RALEIGH – After reaching its lowest recorded rate in N.C. history, the state’s infant mortality rate inched up slightly last year.
Health advocates use the statistic as a measure of the population’s overall health. Infant mortality can happen from a wide range of factors, including maternal health, health-care access and socioeconomic conditions.
“Historically, North Carolina’s infant mortality rate has been among the highest in the nation,” said Laila A. Bell, director of research and data at Action for Children N.C. “Lowering our state’s infant mortality rate should be seen as a critical part of our efforts to improve public health in North Carolina.”

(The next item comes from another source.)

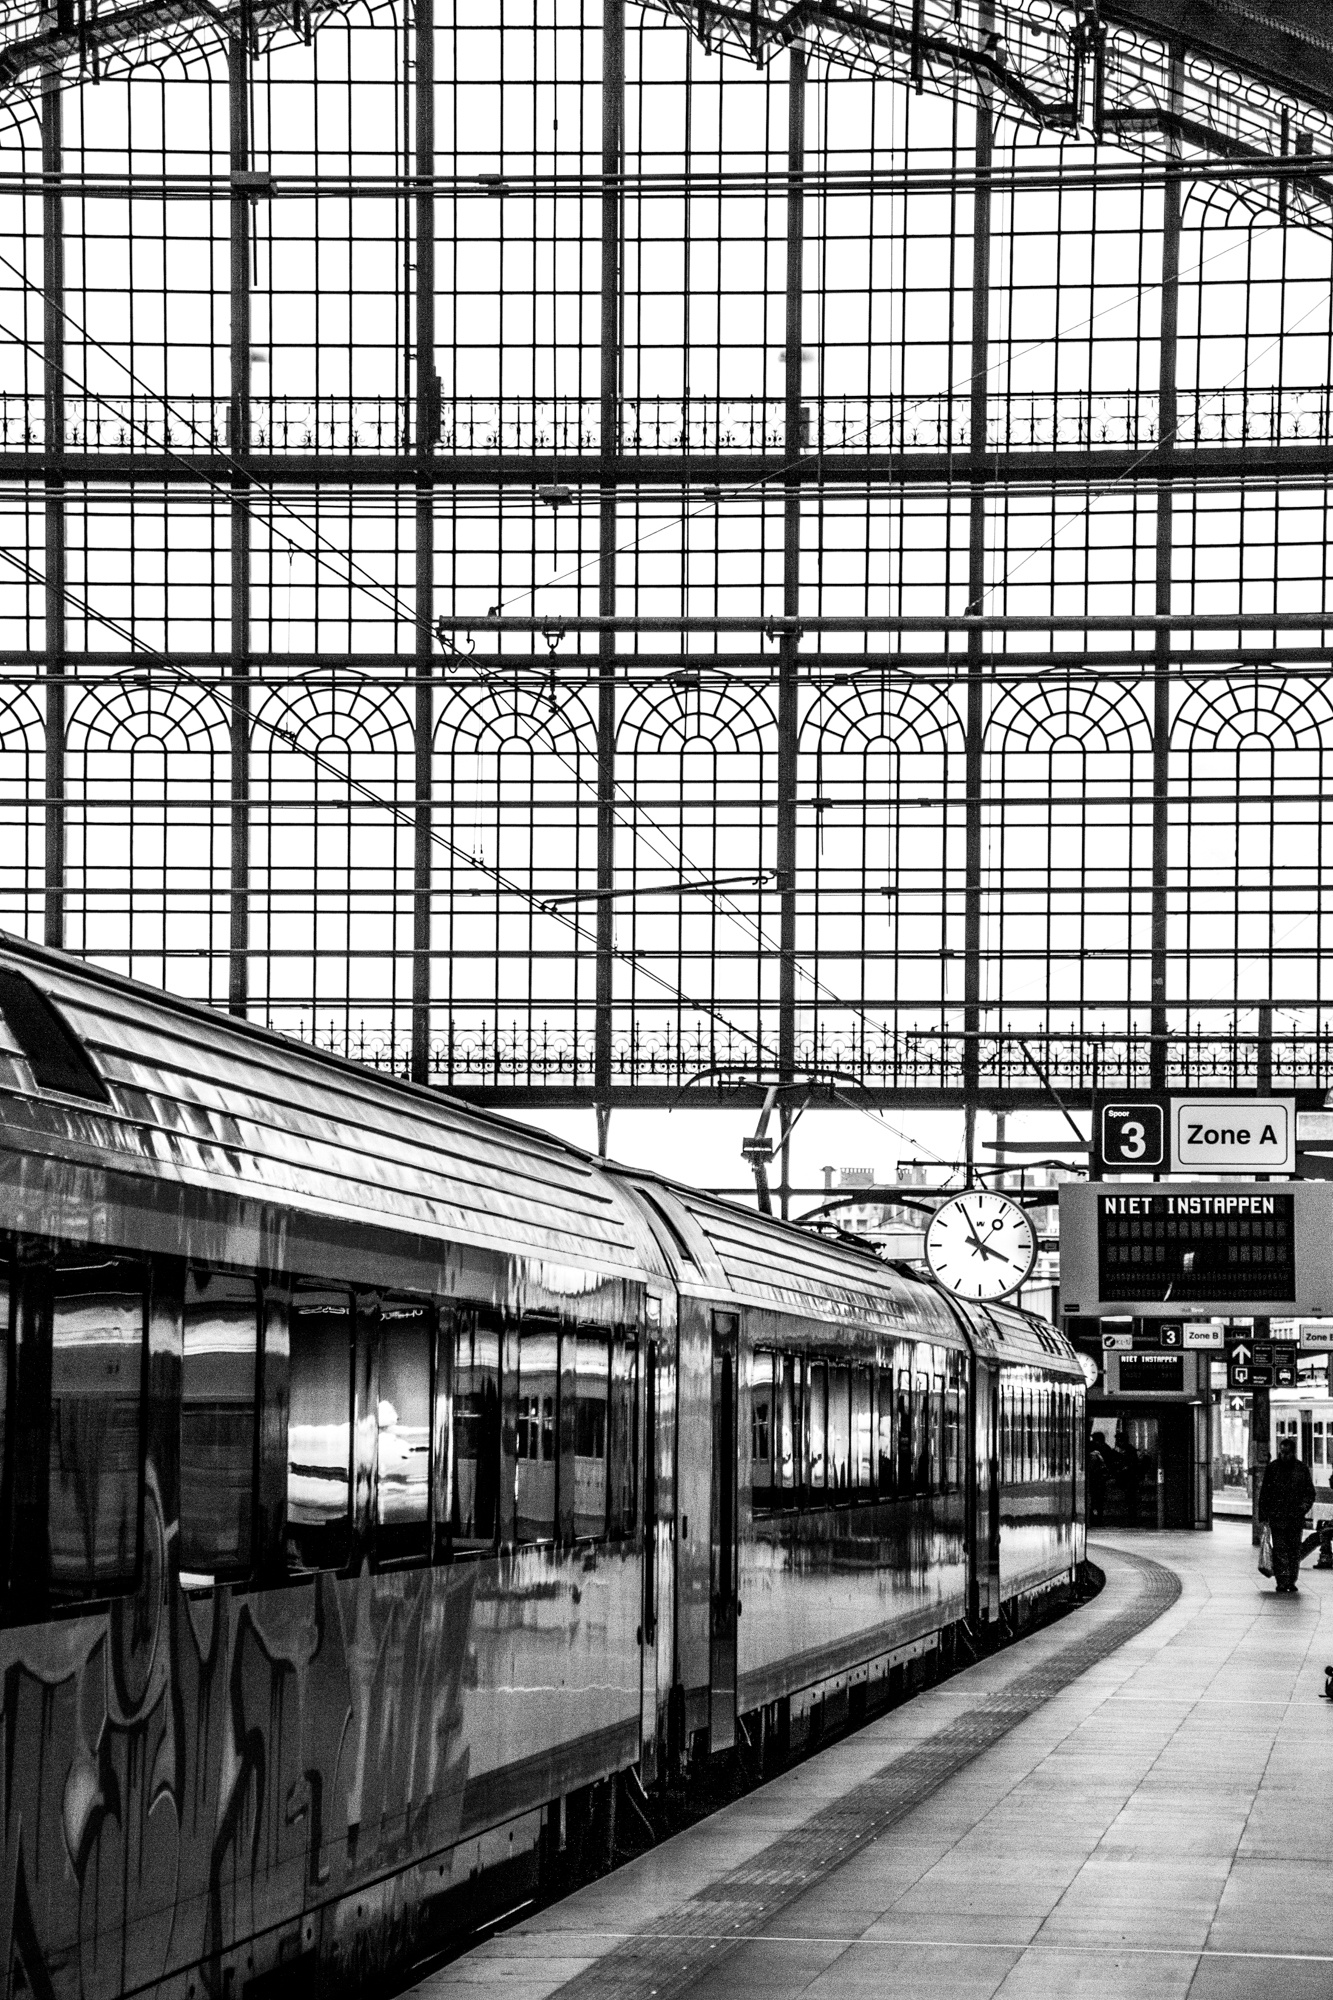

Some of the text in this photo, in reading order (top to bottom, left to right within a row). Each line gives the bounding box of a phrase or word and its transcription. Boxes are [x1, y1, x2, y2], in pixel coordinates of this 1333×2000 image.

The racial gap in mortality rates still remain.
Black babies are more than twice as likely to die before reaching their first birthday as white babies.
Also, twice as many infants die before reaching their first birthday in eastern North Carolina as opposed to other parts of the state.
Last year, the General Assembly cut funding to maternity clinics in 29 eastern N.C. counties that provide care to women with high-risk pregnancies. Although the funding was restored earlier this year, some say the damage had been done.
“An increasingly sophisticated body of research shows that when it comes to health outcomes, place matters,” Bell said. “The conditions in which our expectant mothers and children live – the economic security of their families, the quality of their neighborhoods and schools, and their access to nutritious foods – all impact the health of our children.
“It is not enough to simply address the symptoms of poor health, we must also identify the complex root causes of health disparities and find ways to correct them.”